## [EXERCISE DIRECTIONS]
Every record must be restated exactly. Drop the images.

:: INPUT DATA ::

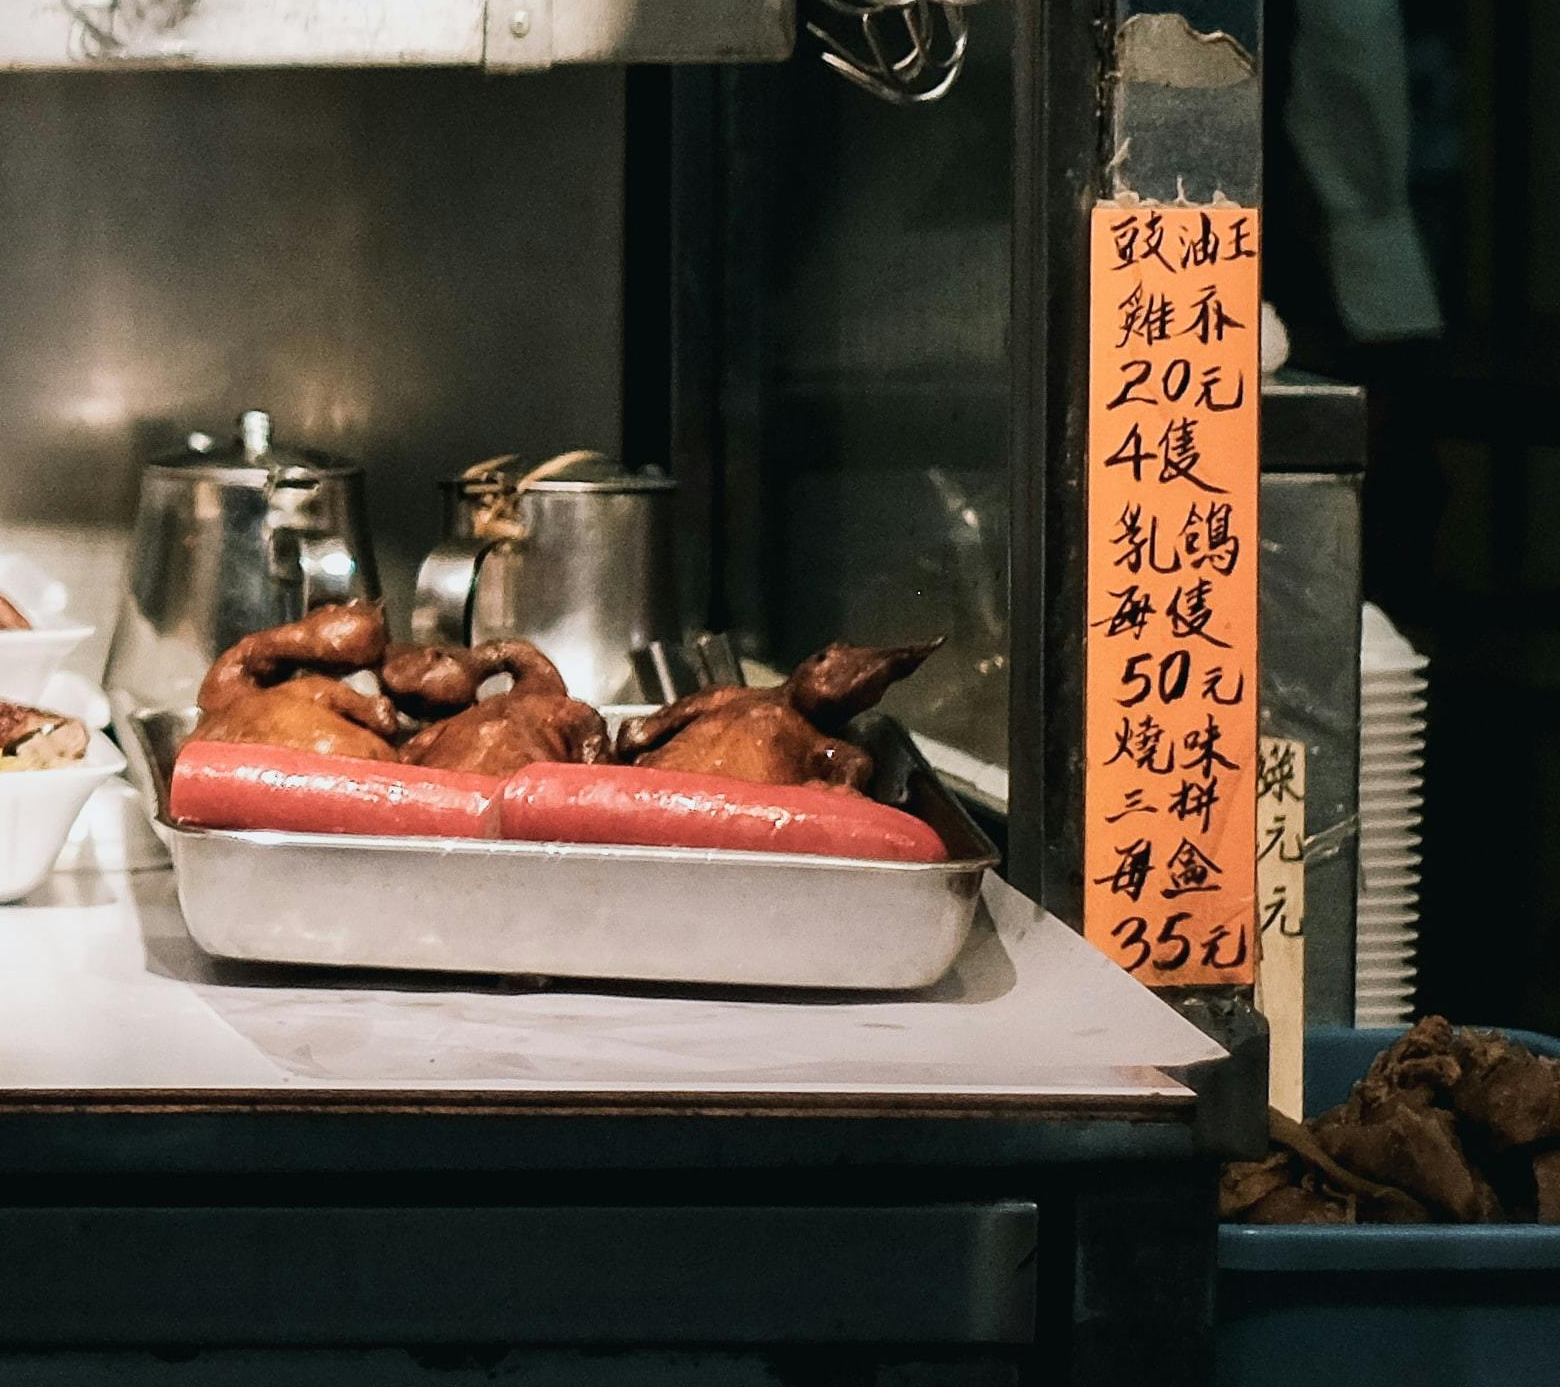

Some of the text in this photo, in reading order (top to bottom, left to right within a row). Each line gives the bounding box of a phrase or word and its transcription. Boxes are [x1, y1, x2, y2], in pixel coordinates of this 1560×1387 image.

[1106, 358, 1244, 412] 20元
[1103, 416, 1232, 495] 4隻
[1108, 499, 1240, 577] 乳鴿
[1090, 576, 1234, 649] 每隻
[1114, 649, 1244, 708] 50元
[1102, 713, 1241, 780] 燒味
[1104, 775, 1220, 834] 三拼
[1110, 911, 1248, 974] 35元

:::

## [RESPONSE]
Some of the text in this photo, in reading order (top to bottom, left to right within a row). Each line gives the bounding box of a phrase or word and its transcription. Boxes are [x1, y1, x2, y2], in pixel coordinates of this 1560×1387 image.

[1106, 358, 1244, 412] 20元
[1103, 416, 1232, 495] 4隻
[1108, 499, 1240, 577] 乳鴿
[1090, 576, 1234, 649] 每隻
[1114, 649, 1244, 708] 50元
[1102, 713, 1241, 780] 燒味
[1104, 775, 1220, 834] 三拼
[1110, 911, 1248, 974] 35元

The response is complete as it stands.